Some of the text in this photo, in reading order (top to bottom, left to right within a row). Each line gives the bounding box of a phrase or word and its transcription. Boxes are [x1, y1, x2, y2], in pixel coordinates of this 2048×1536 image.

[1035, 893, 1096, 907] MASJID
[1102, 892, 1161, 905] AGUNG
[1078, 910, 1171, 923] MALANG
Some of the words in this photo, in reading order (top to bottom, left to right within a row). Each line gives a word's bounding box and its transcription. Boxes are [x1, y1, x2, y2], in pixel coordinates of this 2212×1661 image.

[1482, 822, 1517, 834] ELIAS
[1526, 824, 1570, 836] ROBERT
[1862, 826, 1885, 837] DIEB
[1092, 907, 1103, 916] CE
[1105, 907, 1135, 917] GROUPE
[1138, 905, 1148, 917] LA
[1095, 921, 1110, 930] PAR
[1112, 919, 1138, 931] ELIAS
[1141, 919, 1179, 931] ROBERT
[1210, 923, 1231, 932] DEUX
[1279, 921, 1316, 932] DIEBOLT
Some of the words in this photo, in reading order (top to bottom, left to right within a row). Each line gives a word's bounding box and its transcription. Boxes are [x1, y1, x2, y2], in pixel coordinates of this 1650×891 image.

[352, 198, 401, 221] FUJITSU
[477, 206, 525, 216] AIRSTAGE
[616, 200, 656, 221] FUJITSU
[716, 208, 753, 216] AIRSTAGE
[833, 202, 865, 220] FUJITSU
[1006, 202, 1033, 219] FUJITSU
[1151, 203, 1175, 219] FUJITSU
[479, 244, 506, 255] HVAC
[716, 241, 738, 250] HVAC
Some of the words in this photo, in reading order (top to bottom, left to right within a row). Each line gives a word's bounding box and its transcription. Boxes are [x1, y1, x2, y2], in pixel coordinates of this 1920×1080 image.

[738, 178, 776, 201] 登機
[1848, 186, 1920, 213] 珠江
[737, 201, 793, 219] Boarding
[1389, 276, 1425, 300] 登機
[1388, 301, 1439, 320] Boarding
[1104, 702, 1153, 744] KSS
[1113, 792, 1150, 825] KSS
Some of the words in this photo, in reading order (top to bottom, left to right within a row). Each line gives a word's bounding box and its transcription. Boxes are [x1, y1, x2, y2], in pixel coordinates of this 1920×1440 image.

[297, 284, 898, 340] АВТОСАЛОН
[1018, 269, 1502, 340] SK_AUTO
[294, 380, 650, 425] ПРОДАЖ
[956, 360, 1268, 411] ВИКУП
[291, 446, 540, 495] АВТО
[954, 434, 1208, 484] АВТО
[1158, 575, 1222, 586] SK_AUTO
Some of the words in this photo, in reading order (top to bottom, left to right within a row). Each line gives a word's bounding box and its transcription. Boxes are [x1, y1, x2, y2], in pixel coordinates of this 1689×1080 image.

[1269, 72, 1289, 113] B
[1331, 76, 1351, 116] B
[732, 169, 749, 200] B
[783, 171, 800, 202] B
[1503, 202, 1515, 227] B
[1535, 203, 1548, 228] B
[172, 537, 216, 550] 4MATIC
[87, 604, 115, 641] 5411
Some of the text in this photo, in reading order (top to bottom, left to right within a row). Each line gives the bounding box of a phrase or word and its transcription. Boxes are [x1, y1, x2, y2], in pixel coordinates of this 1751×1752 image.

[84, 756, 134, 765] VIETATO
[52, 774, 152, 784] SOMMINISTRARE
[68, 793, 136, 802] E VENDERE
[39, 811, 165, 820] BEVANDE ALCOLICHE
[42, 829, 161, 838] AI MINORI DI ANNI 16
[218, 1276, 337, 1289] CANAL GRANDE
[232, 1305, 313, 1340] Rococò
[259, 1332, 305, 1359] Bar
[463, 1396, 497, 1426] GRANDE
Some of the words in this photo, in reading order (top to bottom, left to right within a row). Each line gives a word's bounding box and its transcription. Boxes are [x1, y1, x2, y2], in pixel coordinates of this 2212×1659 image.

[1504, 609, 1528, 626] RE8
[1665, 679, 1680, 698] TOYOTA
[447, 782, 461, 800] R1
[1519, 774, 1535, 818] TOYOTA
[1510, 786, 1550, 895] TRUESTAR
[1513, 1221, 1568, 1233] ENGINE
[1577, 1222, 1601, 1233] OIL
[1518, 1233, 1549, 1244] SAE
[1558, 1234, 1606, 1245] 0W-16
__________
Reproduce the records above exactly. Leave nothing out.

Some of the text in this photo, in reading order (top to bottom, left to right within a row). Each line gives the bounding box of a phrase or word and its transcription. Boxes are [x1, y1, x2, y2], in pixel coordinates of this 2048×1536 image.

[1035, 893, 1096, 907] MASJID
[1102, 892, 1161, 905] AGUNG
[1078, 910, 1171, 923] MALANG
Some of the words in this photo, in reading order (top to bottom, left to right within a row). Each line gives a word's bounding box and its transcription. Boxes are [x1, y1, x2, y2], in pixel coordinates of this 2212×1661 image.

[1482, 822, 1517, 834] ELIAS
[1526, 824, 1570, 836] ROBERT
[1862, 826, 1885, 837] DIEB
[1092, 907, 1103, 916] CE
[1105, 907, 1135, 917] GROUPE
[1138, 905, 1148, 917] LA
[1095, 921, 1110, 930] PAR
[1112, 919, 1138, 931] ELIAS
[1141, 919, 1179, 931] ROBERT
[1210, 923, 1231, 932] DEUX
[1279, 921, 1316, 932] DIEBOLT
Some of the words in this photo, in reading order (top to bottom, left to right within a row). Each line gives a word's bounding box and its transcription. Boxes are [x1, y1, x2, y2], in pixel coordinates of this 1650×891 image.

[352, 198, 401, 221] FUJITSU
[477, 206, 525, 216] AIRSTAGE
[616, 200, 656, 221] FUJITSU
[716, 208, 753, 216] AIRSTAGE
[833, 202, 865, 220] FUJITSU
[1006, 202, 1033, 219] FUJITSU
[1151, 203, 1175, 219] FUJITSU
[479, 244, 506, 255] HVAC
[716, 241, 738, 250] HVAC
Some of the words in this photo, in reading order (top to bottom, left to right within a row). Each line gives a word's bounding box and its transcription. Boxes are [x1, y1, x2, y2], in pixel coordinates of this 1920×1080 image.

[738, 178, 776, 201] 登機
[1848, 186, 1920, 213] 珠江
[737, 201, 793, 219] Boarding
[1389, 276, 1425, 300] 登機
[1388, 301, 1439, 320] Boarding
[1104, 702, 1153, 744] KSS
[1113, 792, 1150, 825] KSS
Some of the words in this photo, in reading order (top to bottom, left to right within a row). Each line gives a word's bounding box and its transcription. Boxes are [x1, y1, x2, y2], in pixel coordinates of this 1920×1440 image.

[297, 284, 898, 340] АВТОСАЛОН
[1018, 269, 1502, 340] SK_AUTO
[294, 380, 650, 425] ПРОДАЖ
[956, 360, 1268, 411] ВИКУП
[291, 446, 540, 495] АВТО
[954, 434, 1208, 484] АВТО
[1158, 575, 1222, 586] SK_AUTO
Some of the words in this photo, in reading order (top to bottom, left to right within a row). Each line gives a word's bounding box and its transcription. Boxes are [x1, y1, x2, y2], in pixel coordinates of this 1689×1080 image.

[1269, 72, 1289, 113] B
[1331, 76, 1351, 116] B
[732, 169, 749, 200] B
[783, 171, 800, 202] B
[1503, 202, 1515, 227] B
[1535, 203, 1548, 228] B
[172, 537, 216, 550] 4MATIC
[87, 604, 115, 641] 5411
Some of the text in this photo, in reading order (top to bottom, left to right within a row). Each line gives the bounding box of a phrase or word and its transcription. Boxes are [x1, y1, x2, y2], in pixel coordinates of this 1751×1752 image.

[84, 756, 134, 765] VIETATO
[52, 774, 152, 784] SOMMINISTRARE
[68, 793, 136, 802] E VENDERE
[39, 811, 165, 820] BEVANDE ALCOLICHE
[42, 829, 161, 838] AI MINORI DI ANNI 16
[218, 1276, 337, 1289] CANAL GRANDE
[232, 1305, 313, 1340] Rococò
[259, 1332, 305, 1359] Bar
[463, 1396, 497, 1426] GRANDE
Some of the words in this photo, in reading order (top to bottom, left to right within a row). Each line gives a word's bounding box and its transcription. Boxes are [x1, y1, x2, y2], in pixel coordinates of this 2212×1659 image.

[1504, 609, 1528, 626] RE8
[1665, 679, 1680, 698] TOYOTA
[447, 782, 461, 800] R1
[1519, 774, 1535, 818] TOYOTA
[1510, 786, 1550, 895] TRUESTAR
[1513, 1221, 1568, 1233] ENGINE
[1577, 1222, 1601, 1233] OIL
[1518, 1233, 1549, 1244] SAE
[1558, 1234, 1606, 1245] 0W-16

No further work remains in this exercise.